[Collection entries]
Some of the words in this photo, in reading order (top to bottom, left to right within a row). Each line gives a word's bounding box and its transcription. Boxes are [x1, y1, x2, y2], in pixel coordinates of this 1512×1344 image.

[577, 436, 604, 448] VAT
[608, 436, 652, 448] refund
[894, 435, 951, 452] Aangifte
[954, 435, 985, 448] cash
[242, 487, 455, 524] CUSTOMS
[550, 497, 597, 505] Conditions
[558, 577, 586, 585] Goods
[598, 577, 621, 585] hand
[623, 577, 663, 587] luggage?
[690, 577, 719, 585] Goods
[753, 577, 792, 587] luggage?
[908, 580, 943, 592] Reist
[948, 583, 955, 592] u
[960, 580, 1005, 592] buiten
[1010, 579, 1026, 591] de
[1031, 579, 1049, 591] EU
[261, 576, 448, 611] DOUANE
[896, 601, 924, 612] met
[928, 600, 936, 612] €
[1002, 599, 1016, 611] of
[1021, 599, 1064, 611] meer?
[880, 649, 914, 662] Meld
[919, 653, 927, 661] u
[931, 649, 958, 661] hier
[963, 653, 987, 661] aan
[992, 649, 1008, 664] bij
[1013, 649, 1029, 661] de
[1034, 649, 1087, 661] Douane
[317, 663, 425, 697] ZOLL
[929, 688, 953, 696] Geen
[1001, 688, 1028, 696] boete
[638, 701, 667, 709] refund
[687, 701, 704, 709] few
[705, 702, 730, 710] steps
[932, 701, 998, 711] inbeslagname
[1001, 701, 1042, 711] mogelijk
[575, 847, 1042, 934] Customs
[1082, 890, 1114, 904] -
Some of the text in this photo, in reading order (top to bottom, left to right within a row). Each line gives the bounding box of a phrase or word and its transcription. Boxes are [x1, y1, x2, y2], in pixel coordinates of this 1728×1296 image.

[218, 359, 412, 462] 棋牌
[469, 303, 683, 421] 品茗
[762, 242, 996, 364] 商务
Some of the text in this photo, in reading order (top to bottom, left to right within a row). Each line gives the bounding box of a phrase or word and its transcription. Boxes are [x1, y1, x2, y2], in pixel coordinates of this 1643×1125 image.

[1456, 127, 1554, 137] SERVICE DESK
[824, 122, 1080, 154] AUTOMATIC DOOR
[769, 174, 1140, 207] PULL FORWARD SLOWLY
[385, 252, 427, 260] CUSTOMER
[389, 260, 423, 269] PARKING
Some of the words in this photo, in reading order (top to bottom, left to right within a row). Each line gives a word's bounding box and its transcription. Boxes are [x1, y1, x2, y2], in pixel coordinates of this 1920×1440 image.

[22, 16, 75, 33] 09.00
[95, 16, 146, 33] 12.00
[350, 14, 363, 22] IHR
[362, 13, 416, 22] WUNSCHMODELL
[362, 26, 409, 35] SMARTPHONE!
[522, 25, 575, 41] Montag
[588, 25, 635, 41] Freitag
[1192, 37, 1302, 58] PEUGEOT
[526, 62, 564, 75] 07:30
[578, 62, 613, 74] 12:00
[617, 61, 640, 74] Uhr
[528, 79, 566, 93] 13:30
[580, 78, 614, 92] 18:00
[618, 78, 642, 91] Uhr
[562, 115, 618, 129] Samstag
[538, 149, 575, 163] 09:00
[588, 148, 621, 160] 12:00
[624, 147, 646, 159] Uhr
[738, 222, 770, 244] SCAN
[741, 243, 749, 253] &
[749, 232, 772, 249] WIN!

About this task: Transcribe the entries exactly.

Written answer:
Some of the words in this photo, in reading order (top to bottom, left to right within a row). Each line gives a word's bounding box and its transcription. Boxes are [x1, y1, x2, y2], in pixel coordinates of this 1512×1344 image.

[577, 436, 604, 448] VAT
[608, 436, 652, 448] refund
[894, 435, 951, 452] Aangifte
[954, 435, 985, 448] cash
[242, 487, 455, 524] CUSTOMS
[550, 497, 597, 505] Conditions
[558, 577, 586, 585] Goods
[598, 577, 621, 585] hand
[623, 577, 663, 587] luggage?
[690, 577, 719, 585] Goods
[753, 577, 792, 587] luggage?
[908, 580, 943, 592] Reist
[948, 583, 955, 592] u
[960, 580, 1005, 592] buiten
[1010, 579, 1026, 591] de
[1031, 579, 1049, 591] EU
[261, 576, 448, 611] DOUANE
[896, 601, 924, 612] met
[928, 600, 936, 612] €
[1002, 599, 1016, 611] of
[1021, 599, 1064, 611] meer?
[880, 649, 914, 662] Meld
[919, 653, 927, 661] u
[931, 649, 958, 661] hier
[963, 653, 987, 661] aan
[992, 649, 1008, 664] bij
[1013, 649, 1029, 661] de
[1034, 649, 1087, 661] Douane
[317, 663, 425, 697] ZOLL
[929, 688, 953, 696] Geen
[1001, 688, 1028, 696] boete
[638, 701, 667, 709] refund
[687, 701, 704, 709] few
[705, 702, 730, 710] steps
[932, 701, 998, 711] inbeslagname
[1001, 701, 1042, 711] mogelijk
[575, 847, 1042, 934] Customs
[1082, 890, 1114, 904] -
Some of the text in this photo, in reading order (top to bottom, left to right within a row). Each line gives the bounding box of a phrase or word and its transcription. Boxes are [x1, y1, x2, y2], in pixel coordinates of this 1728×1296 image.

[218, 359, 412, 462] 棋牌
[469, 303, 683, 421] 品茗
[762, 242, 996, 364] 商务
Some of the text in this photo, in reading order (top to bottom, left to right within a row). Each line gives the bounding box of a phrase or word and its transcription. Boxes are [x1, y1, x2, y2], in pixel coordinates of this 1643×1125 image.

[1456, 127, 1554, 137] SERVICE DESK
[824, 122, 1080, 154] AUTOMATIC DOOR
[769, 174, 1140, 207] PULL FORWARD SLOWLY
[385, 252, 427, 260] CUSTOMER
[389, 260, 423, 269] PARKING
Some of the words in this photo, in reading order (top to bottom, left to right within a row). Each line gives a word's bounding box and its transcription. Boxes are [x1, y1, x2, y2], in pixel coordinates of this 1920×1440 image.

[22, 16, 75, 33] 09.00
[95, 16, 146, 33] 12.00
[350, 14, 363, 22] IHR
[362, 13, 416, 22] WUNSCHMODELL
[362, 26, 409, 35] SMARTPHONE!
[522, 25, 575, 41] Montag
[588, 25, 635, 41] Freitag
[1192, 37, 1302, 58] PEUGEOT
[526, 62, 564, 75] 07:30
[578, 62, 613, 74] 12:00
[617, 61, 640, 74] Uhr
[528, 79, 566, 93] 13:30
[580, 78, 614, 92] 18:00
[618, 78, 642, 91] Uhr
[562, 115, 618, 129] Samstag
[538, 149, 575, 163] 09:00
[588, 148, 621, 160] 12:00
[624, 147, 646, 159] Uhr
[738, 222, 770, 244] SCAN
[741, 243, 749, 253] &
[749, 232, 772, 249] WIN!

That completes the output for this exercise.